-- Opening Marker --
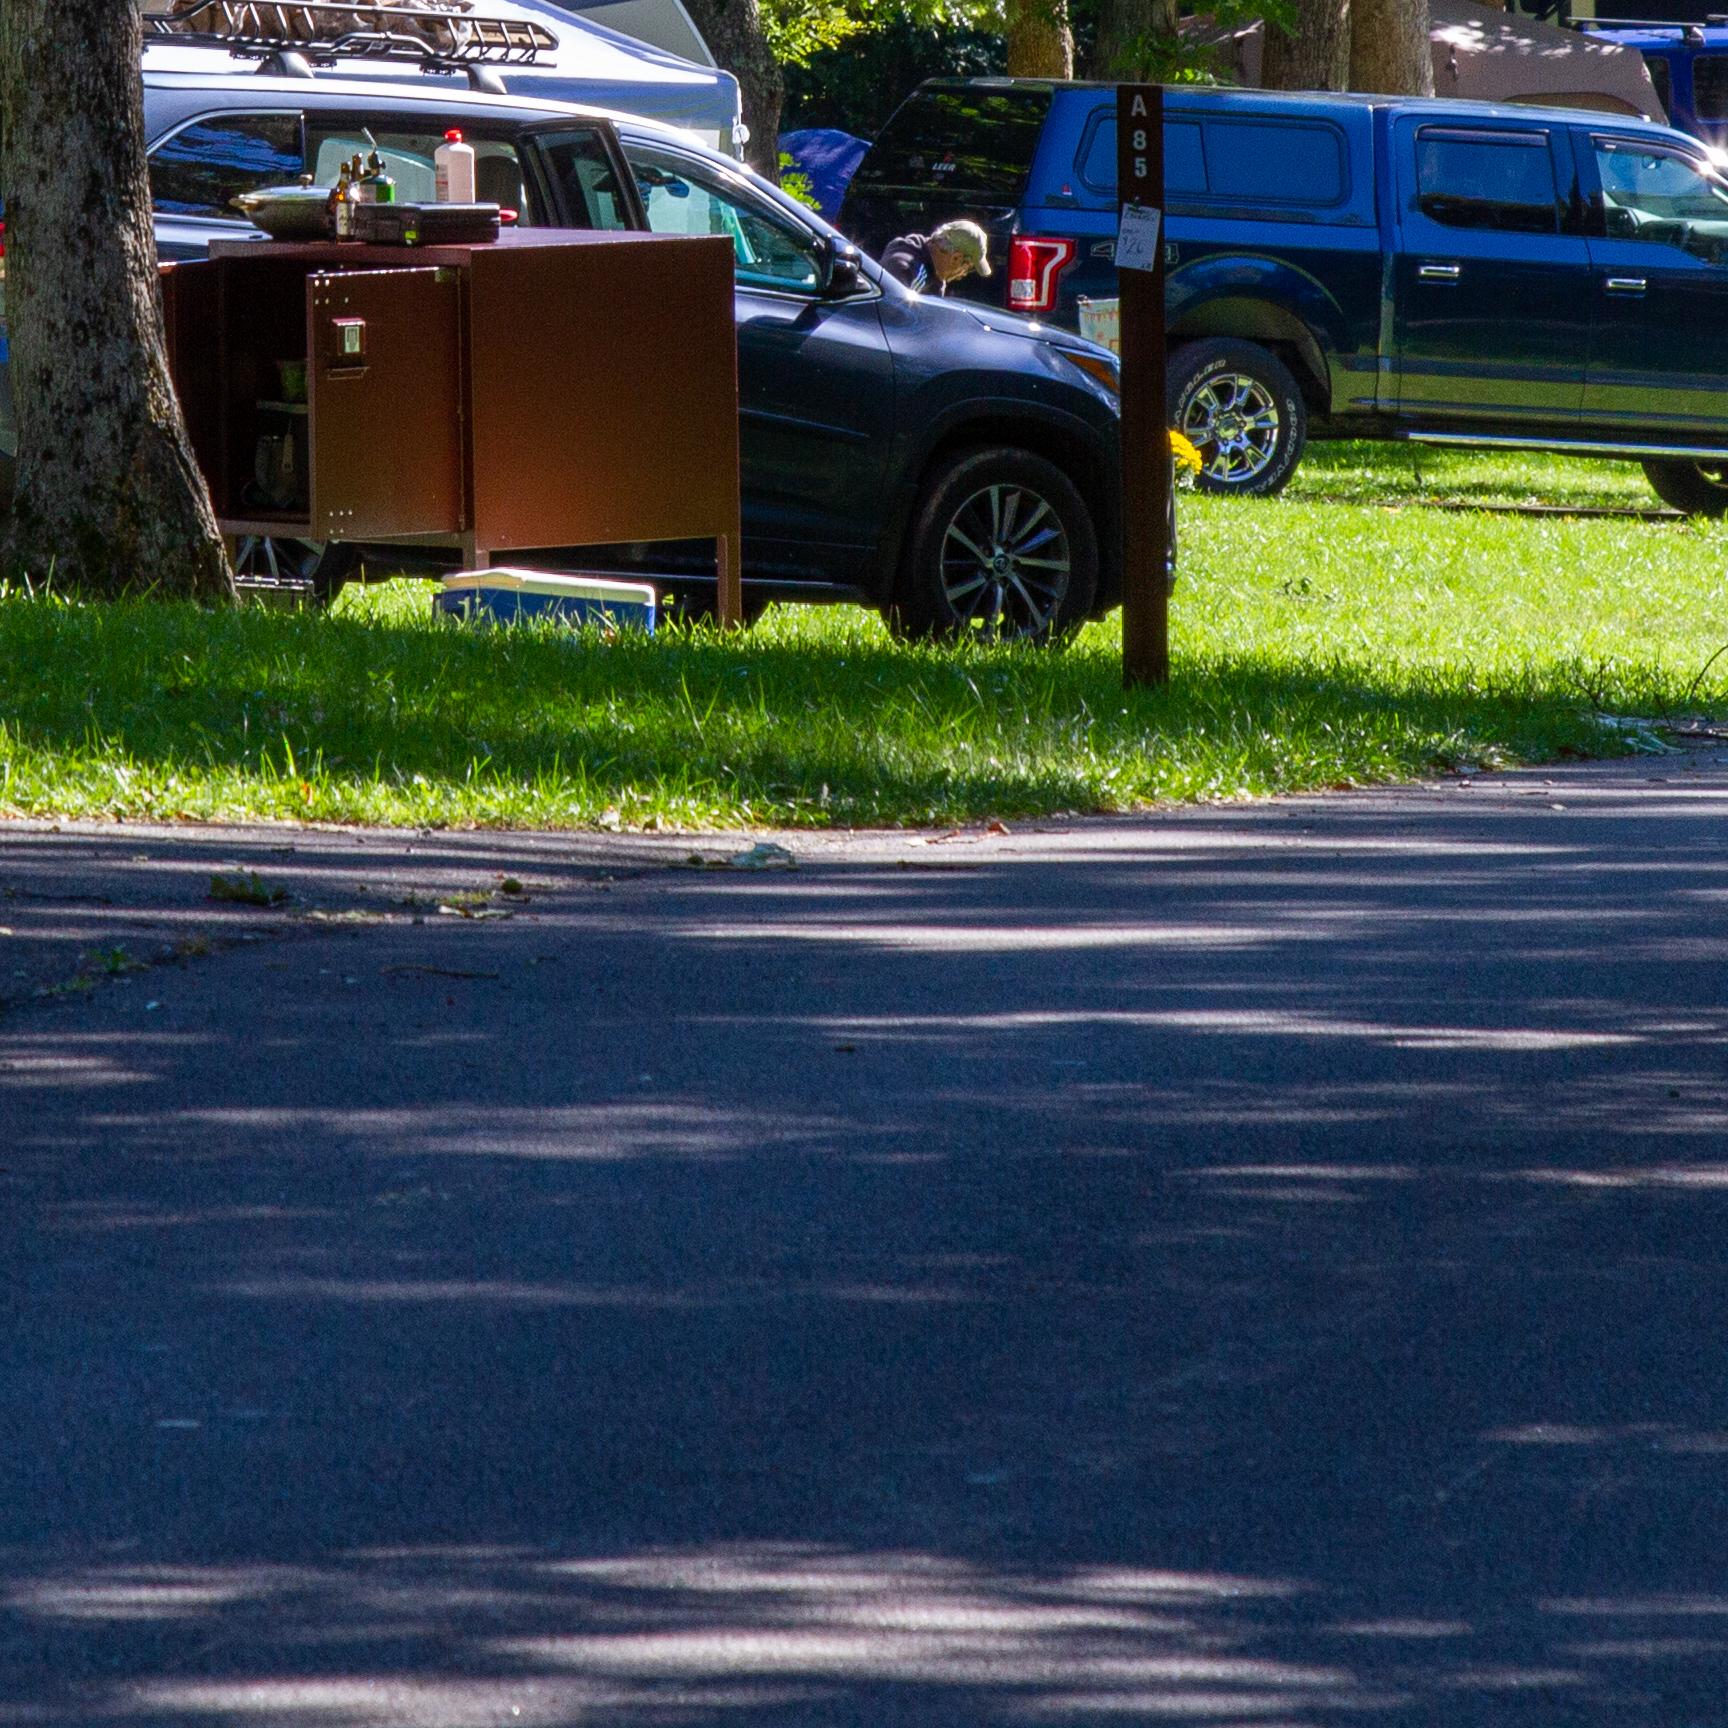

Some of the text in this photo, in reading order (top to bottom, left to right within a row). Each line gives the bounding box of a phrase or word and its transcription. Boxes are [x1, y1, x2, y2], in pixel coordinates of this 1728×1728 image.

[932, 162, 956, 172] LEER
[1131, 94, 1148, 178] A 85
[1174, 358, 1226, 424] ANGLER
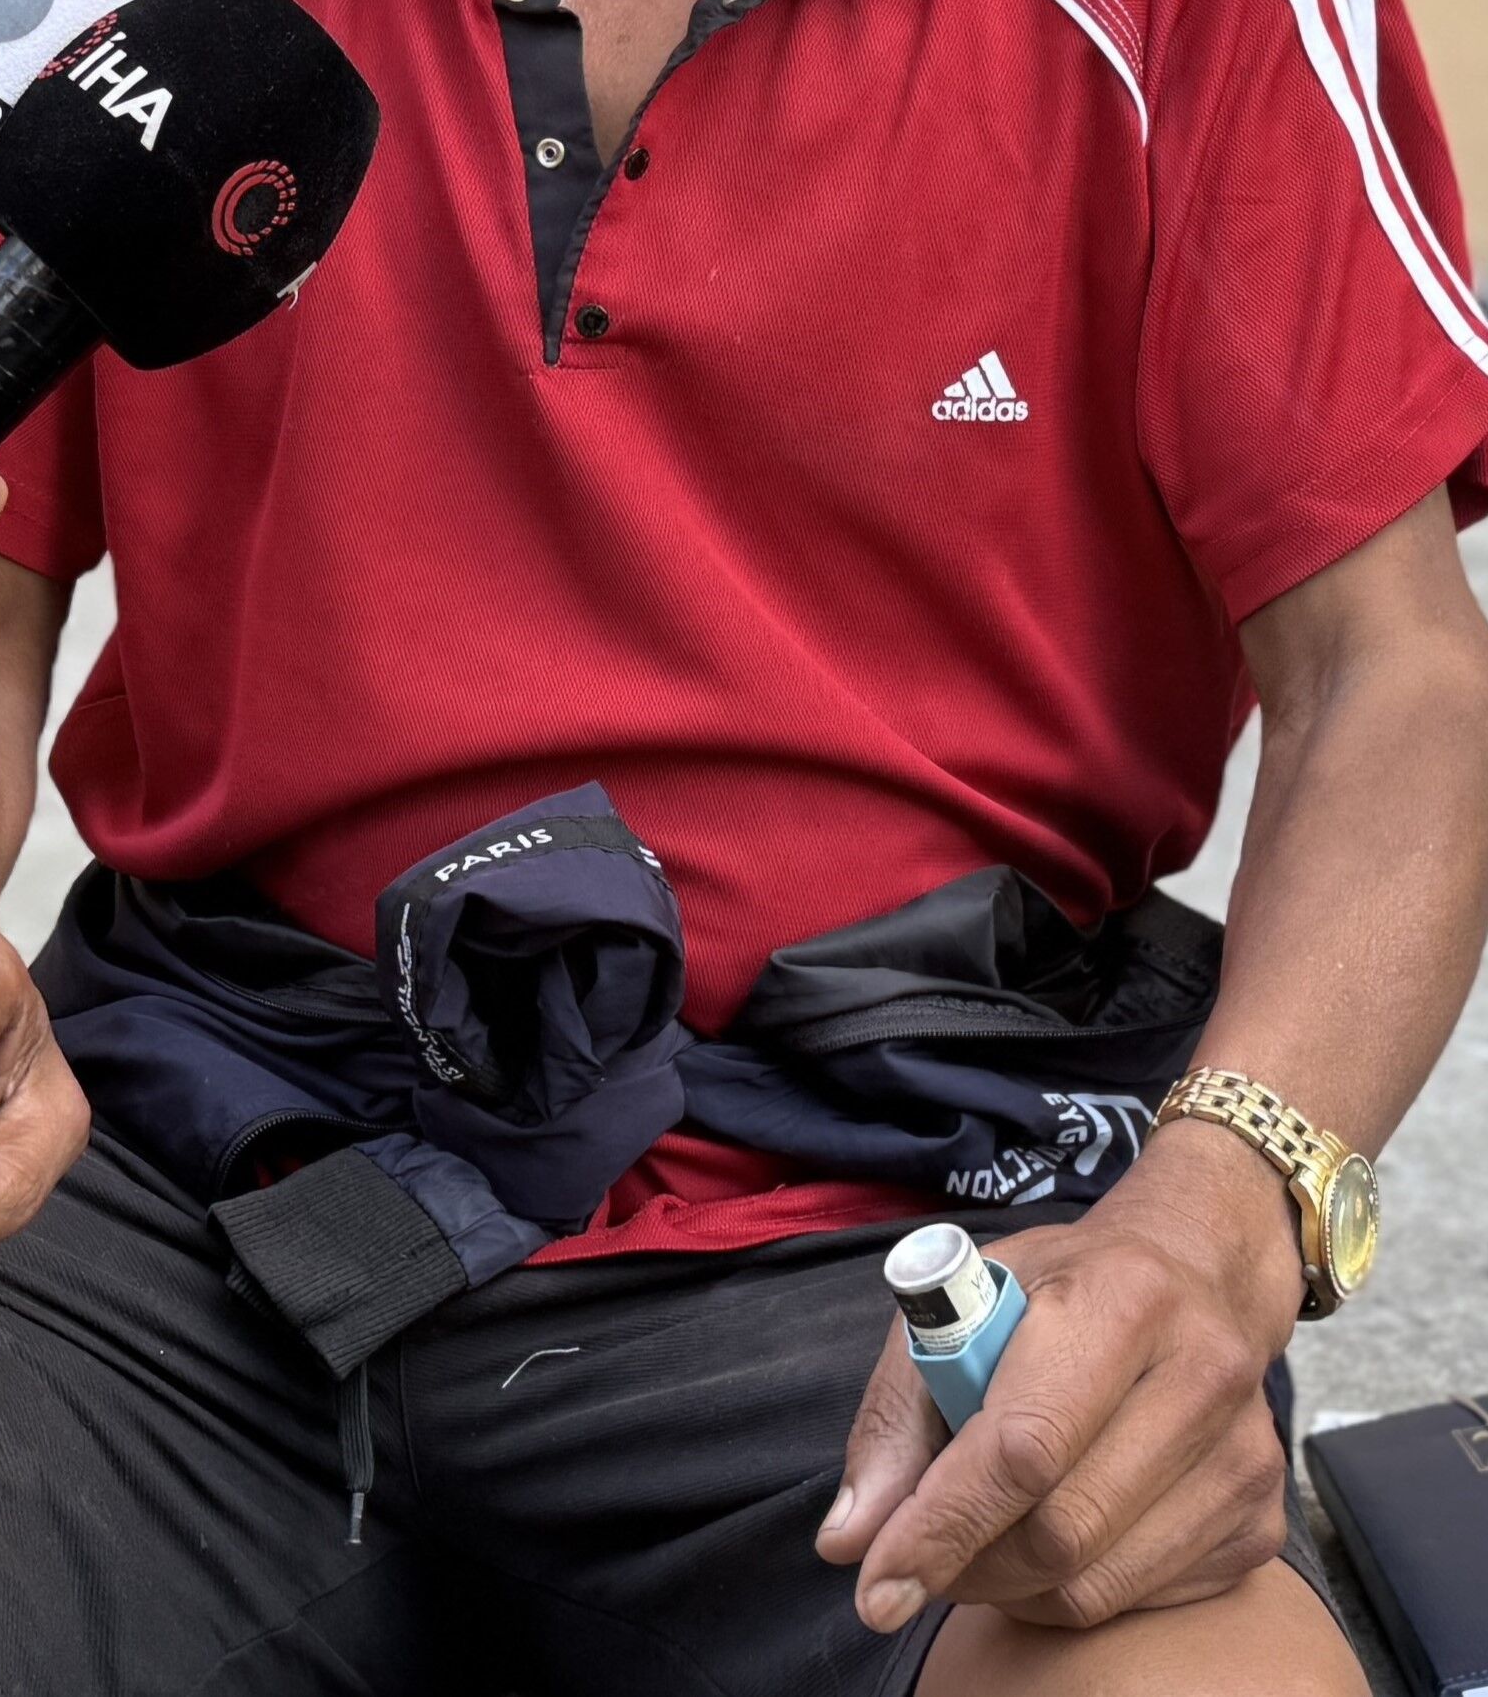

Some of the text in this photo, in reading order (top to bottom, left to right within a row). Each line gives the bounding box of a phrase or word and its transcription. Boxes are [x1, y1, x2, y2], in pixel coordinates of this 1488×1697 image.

[67, 31, 174, 152] İHA
[931, 396, 1029, 422] adidas
[434, 827, 553, 882] PARIS
-- Closing Marker --
(Task to complete) Apart from the images, everything in the records must be repeated exactly.

(Answer space)
Some of the text in this photo, in reading order (top to bottom, left to right within a row). Each line gives the bounding box of a phrase or word and its transcription. Boxes are [x1, y1, x2, y2], in pixel coordinates of this 1728×1728 image.

[932, 162, 956, 172] LEER
[1131, 94, 1148, 178] A 85
[1174, 358, 1226, 424] ANGLER

Some of the text in this photo, in reading order (top to bottom, left to right within a row). Each line gives the bounding box of a phrase or word and its transcription. Boxes are [x1, y1, x2, y2], in pixel coordinates of this 1488×1697 image.

[67, 31, 174, 152] İHA
[931, 396, 1029, 422] adidas
[434, 827, 553, 882] PARIS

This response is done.